Work item | Please copy all of the data that follows exactly, leaving any pictures out.

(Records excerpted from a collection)
◆ ◆ ◆ ◆

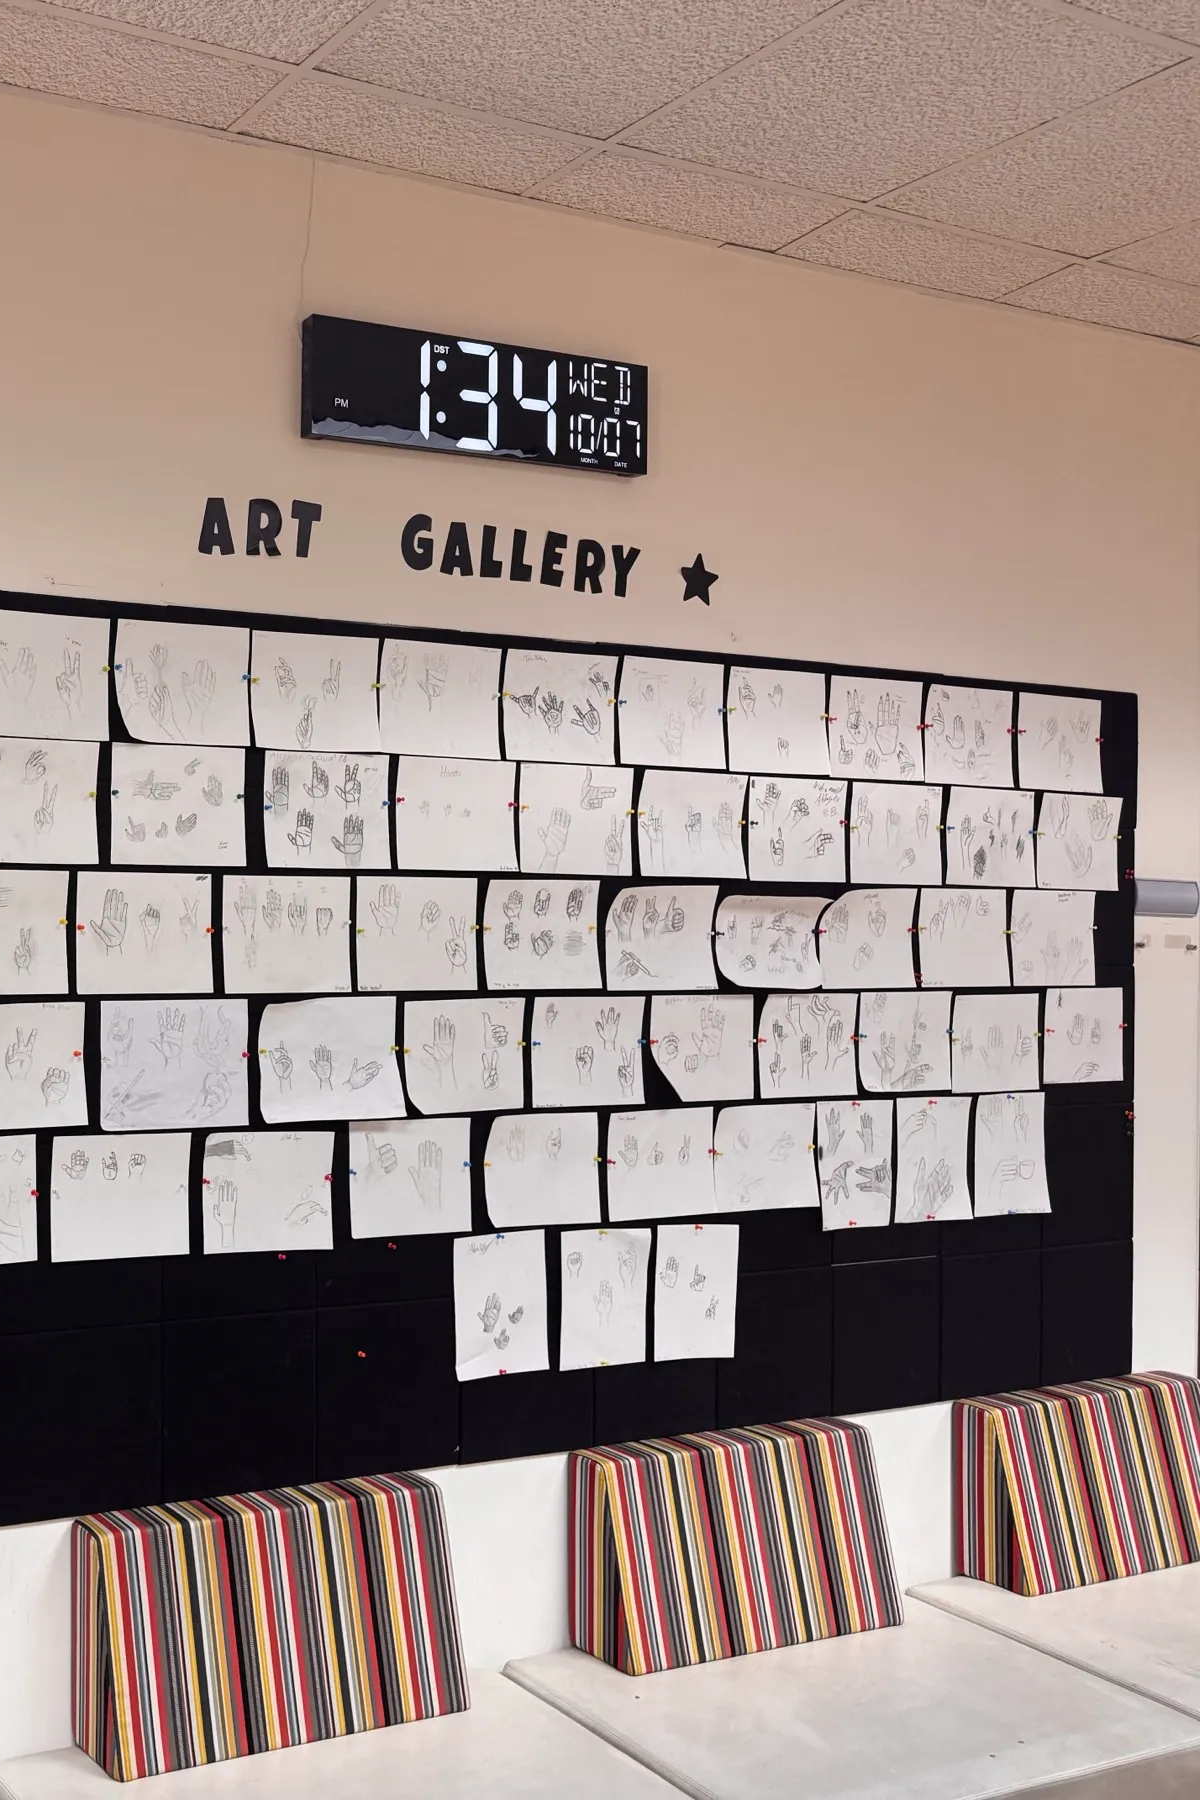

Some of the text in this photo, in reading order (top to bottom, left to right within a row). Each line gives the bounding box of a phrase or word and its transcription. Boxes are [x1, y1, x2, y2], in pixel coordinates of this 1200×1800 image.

[433, 344, 450, 355] DST
[334, 397, 349, 408] PM
[419, 339, 557, 456] 1:34
[568, 360, 631, 405] WED
[569, 413, 641, 459] 10/07
[580, 456, 628, 469] MONTH DATE
[197, 497, 641, 598] ART GALLERY

◆ ◆ ◆ ◆

Task output |
Some of the text in this photo, in reading order (top to bottom, left to right within a row). Each line gives the bounding box of a phrase or word and its transcription. Boxes are [x1, y1, x2, y2], in pixel coordinates of this 1200×1800 image.

[433, 344, 450, 355] DST
[334, 397, 349, 408] PM
[419, 339, 557, 456] 1:34
[568, 360, 631, 405] WED
[569, 413, 641, 459] 10/07
[580, 456, 628, 469] MONTH DATE
[197, 497, 641, 598] ART GALLERY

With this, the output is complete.